Trump ha da poco preso una decisione che potrebbe sovvertire il destino di alcune specie selvatiche per ora considerate relativamente al sicuro. La notizia ha fatto subito il giro del mondo, ma non in senso positivo, infatti ha suscitato l’indignazione dei più; in un periodo come questo, in cui gli animali sembrano aver riguadagnato quanto spetta loro di diritto, il Presidente degli Stati Uniti è intenzionato ad espandere i limiti entro i quali è possibile cacciare animali. In particolare ci riferiamo a lupi, orsi e coyote: secondo questo provvedimento che ancora non è ufficiale, i cacciatori avrebbero ogni diritto di piazzare delle esche per i cuccioli, in modo che questi, una volta cascati nella trappola, possano essere uccisi più facilmente.

Si tratta senza dubbio di una pratica barbara per vari motivi, innanzitutto si consideri che, gli animali colpiti sono già potenzialmente a rischio. Inoltre, uccidere questi esemplari non solo vorrebbe dire causare un’immensa sofferenza al territorio ma devastare un intero ecosistema e mettere a rischio una specie.

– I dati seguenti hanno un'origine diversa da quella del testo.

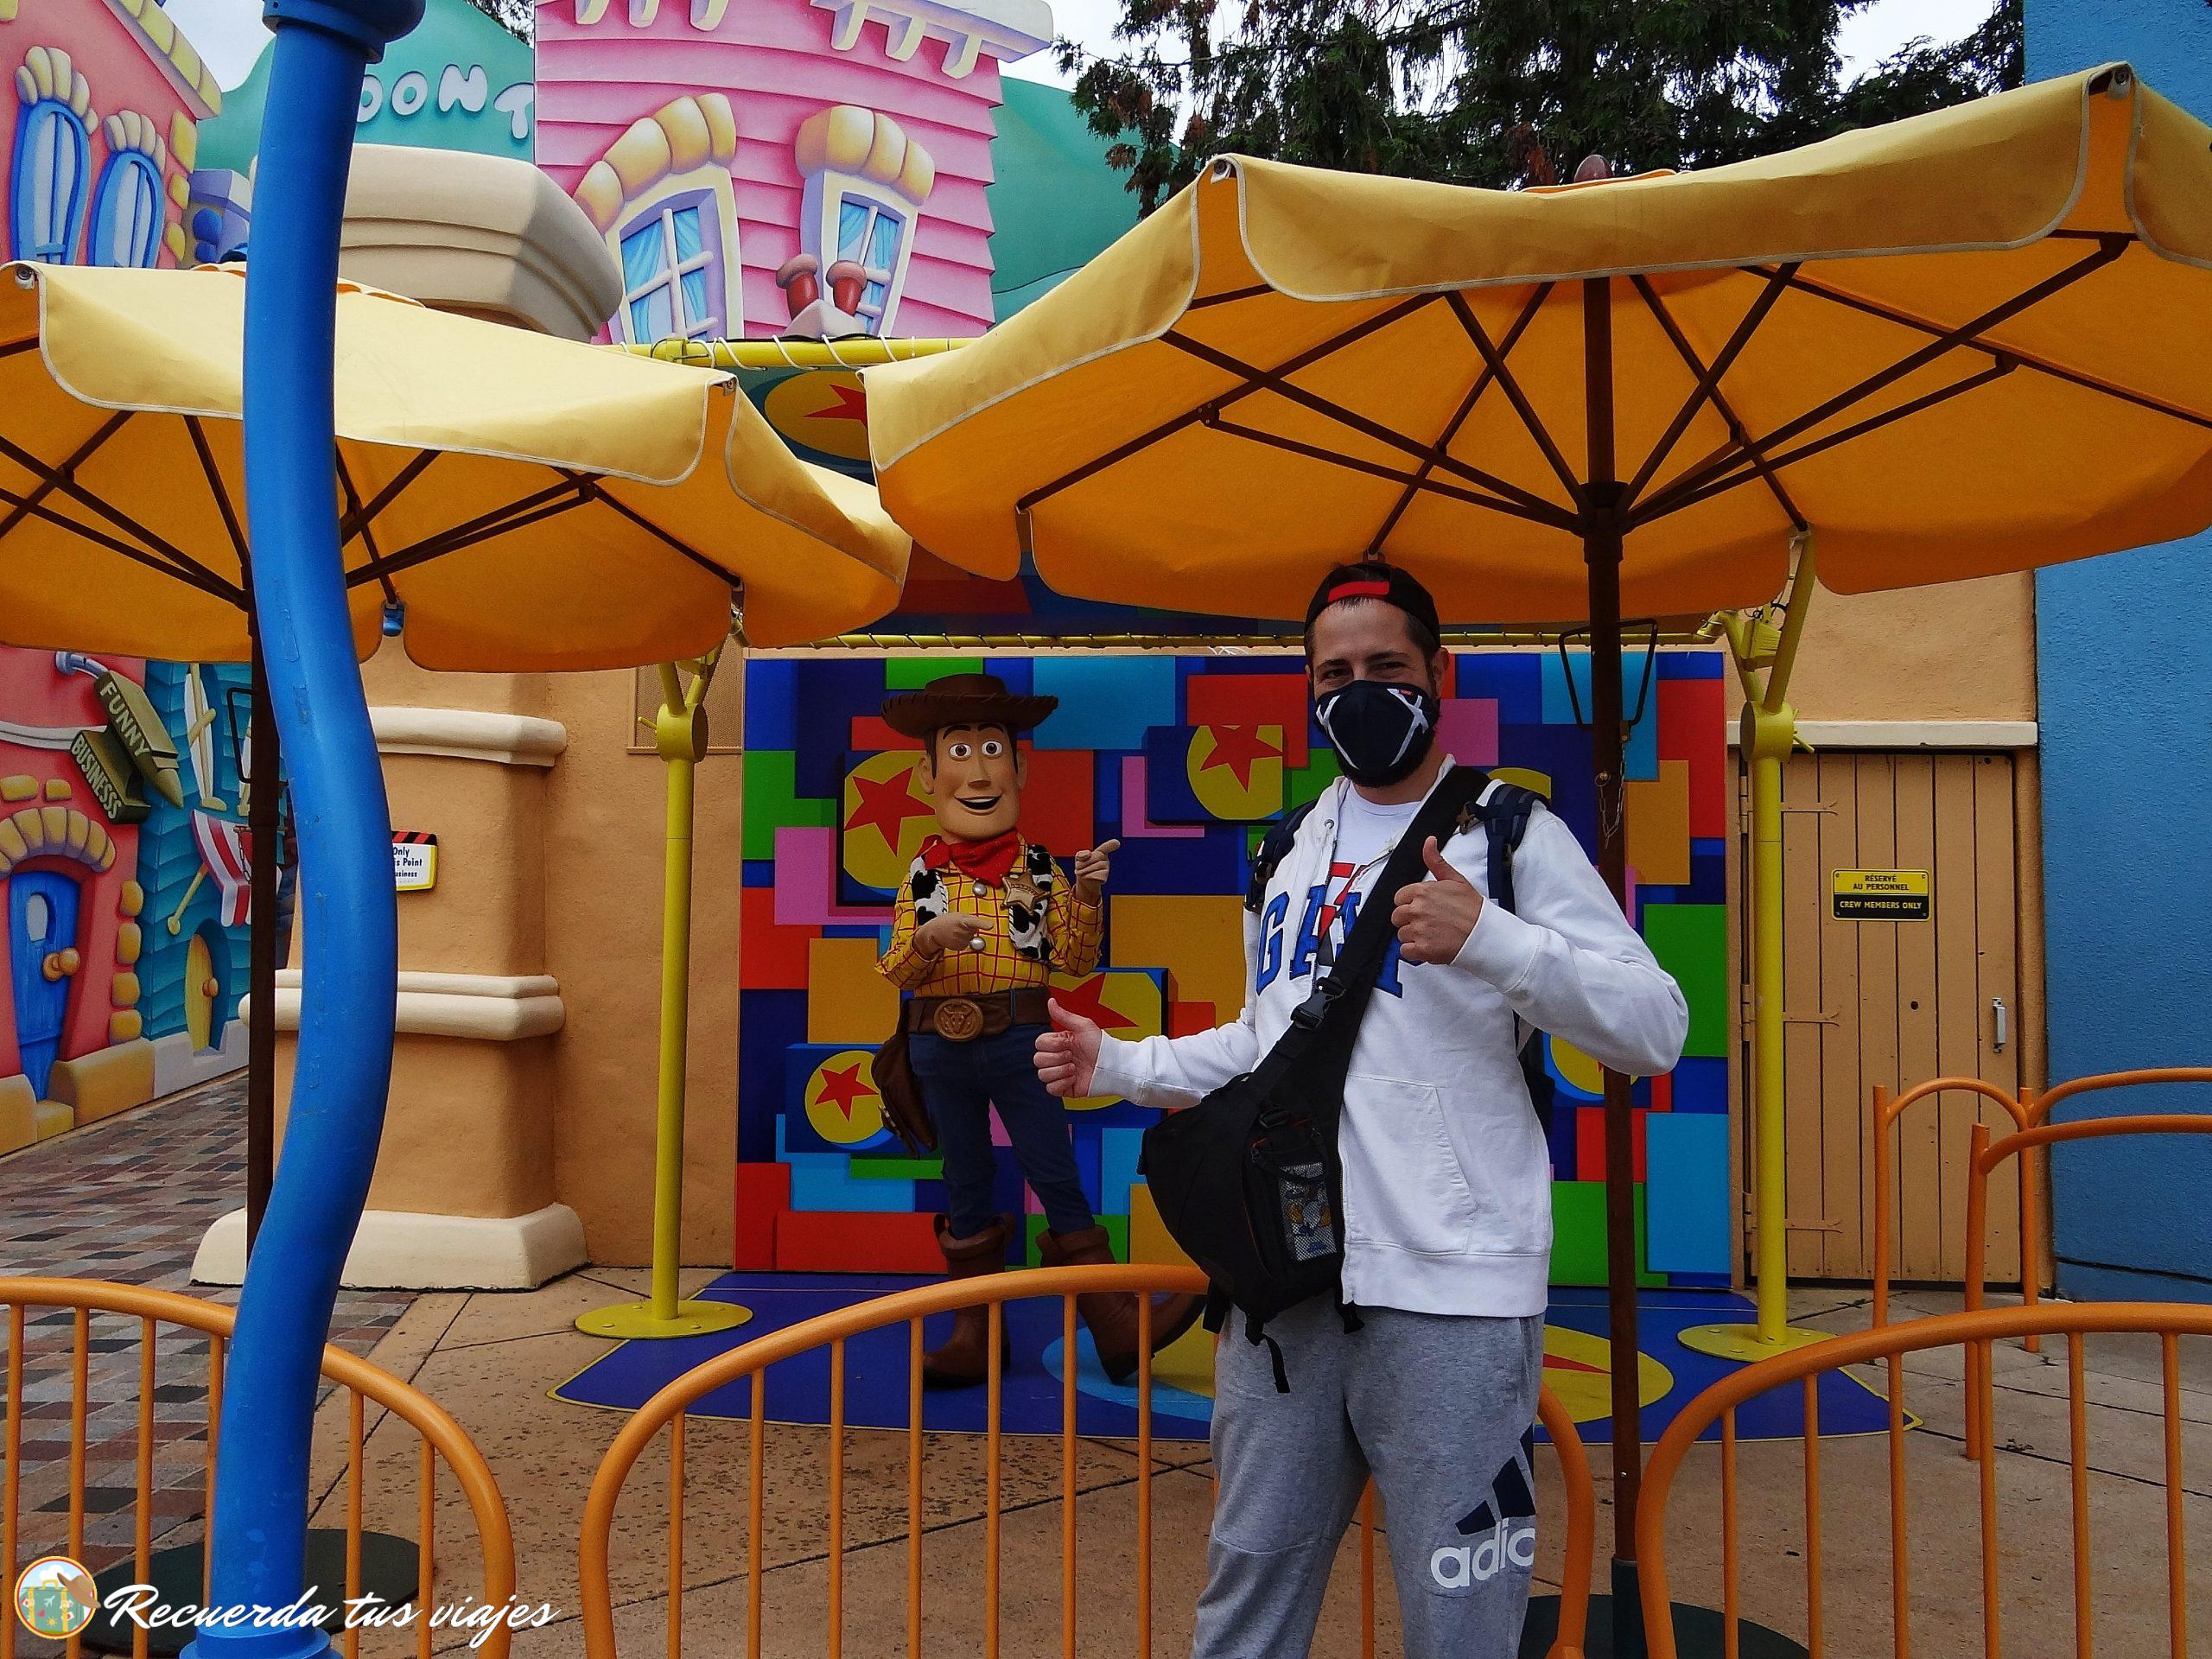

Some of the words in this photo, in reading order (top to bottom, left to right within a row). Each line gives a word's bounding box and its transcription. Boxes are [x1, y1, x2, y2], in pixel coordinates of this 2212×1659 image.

[99, 681, 150, 757] FUNNY
[403, 857, 423, 867] Point
[1865, 873, 1897, 882] RÉSERVÉ
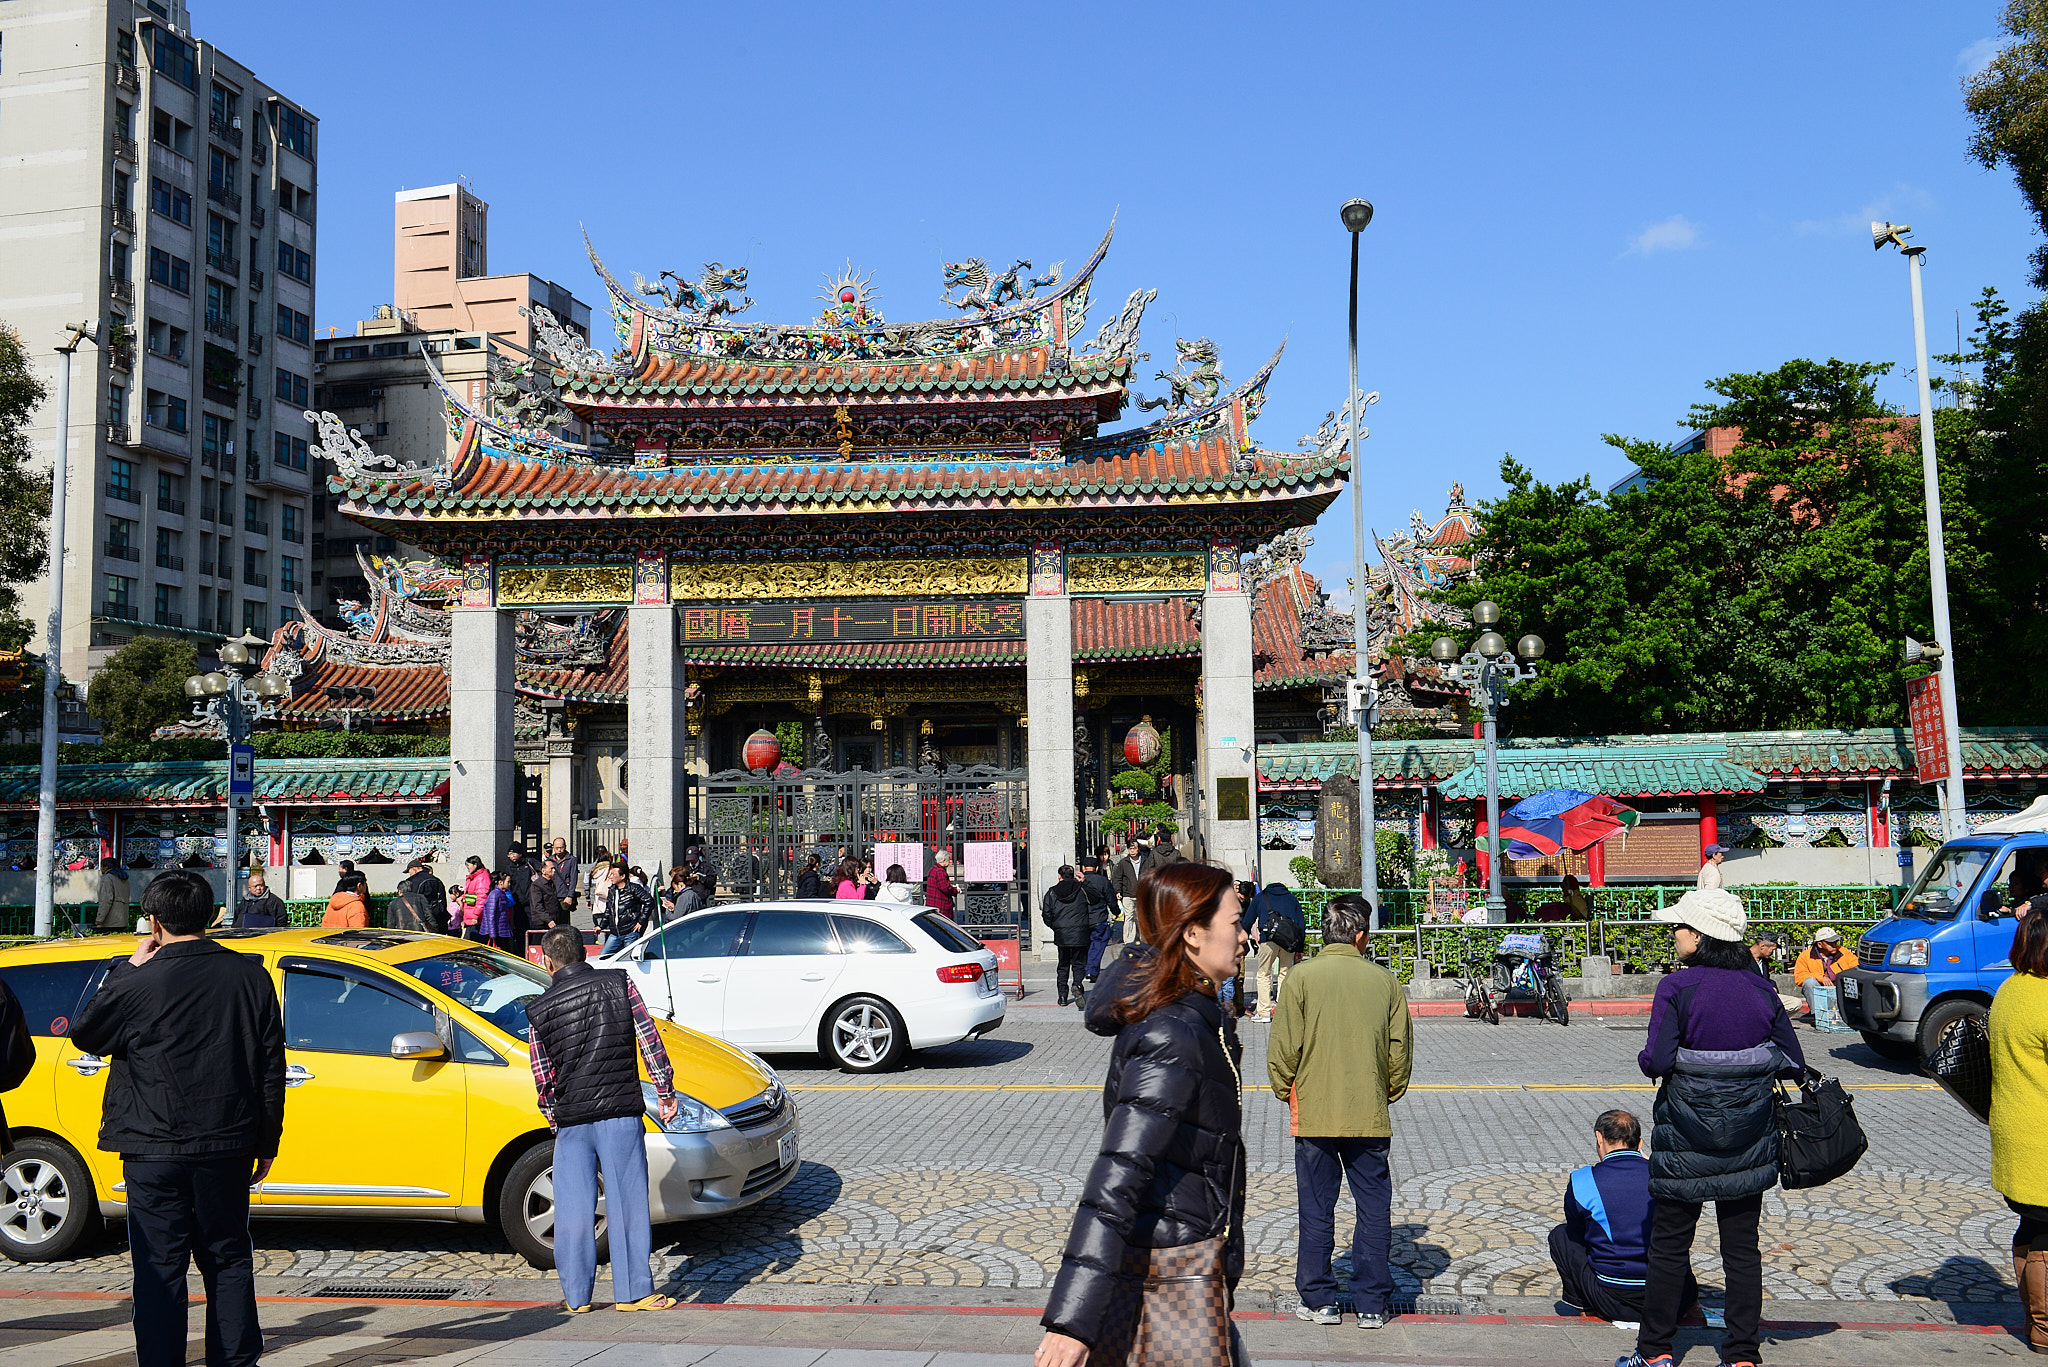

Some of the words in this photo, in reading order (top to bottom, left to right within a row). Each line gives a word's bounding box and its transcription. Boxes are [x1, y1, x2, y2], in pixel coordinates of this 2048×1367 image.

[685, 603, 1022, 640] 國曆一月十一日開使受
[1928, 677, 1948, 774] 觀光地區禁止設
[1329, 801, 1344, 865] 龍山寺
[440, 968, 463, 986] 空車

Quindi sarà permessa la caccia in alcuni parchi e riserve naturali: ad attirare maggiormente l’attenzione è l’Alaska, dove gli orsi potranno essere cacciati e uccisi senza che vi sia alcuna conseguenza legale e il motivo di tale strage sarebbe il puro divertimento dei cacciatori.

A schierarsi contro la decisione di Trump non solo le maggiori associazioni animaliste del posto, ma anche il direttore del programma World Animal Protection US, che ha spiegato come tale iniziativa rappresenti una vera e propria barbarie nei confronti dei cuccioli. Anche le compagnie di combustibili fossili sarebbero maggiormente agevolate nelle loro attività in quanto avrebbero minori o inesistenti limitazioni nei territori americani. Il tutto è avvenuto sotto la guida dell’attuale Presidente, che già dallo scorso anno ha permesso ai cacciatori e alle compagnie di combustibili di invadere alcune riserve per sfruttarle a loro piacimento.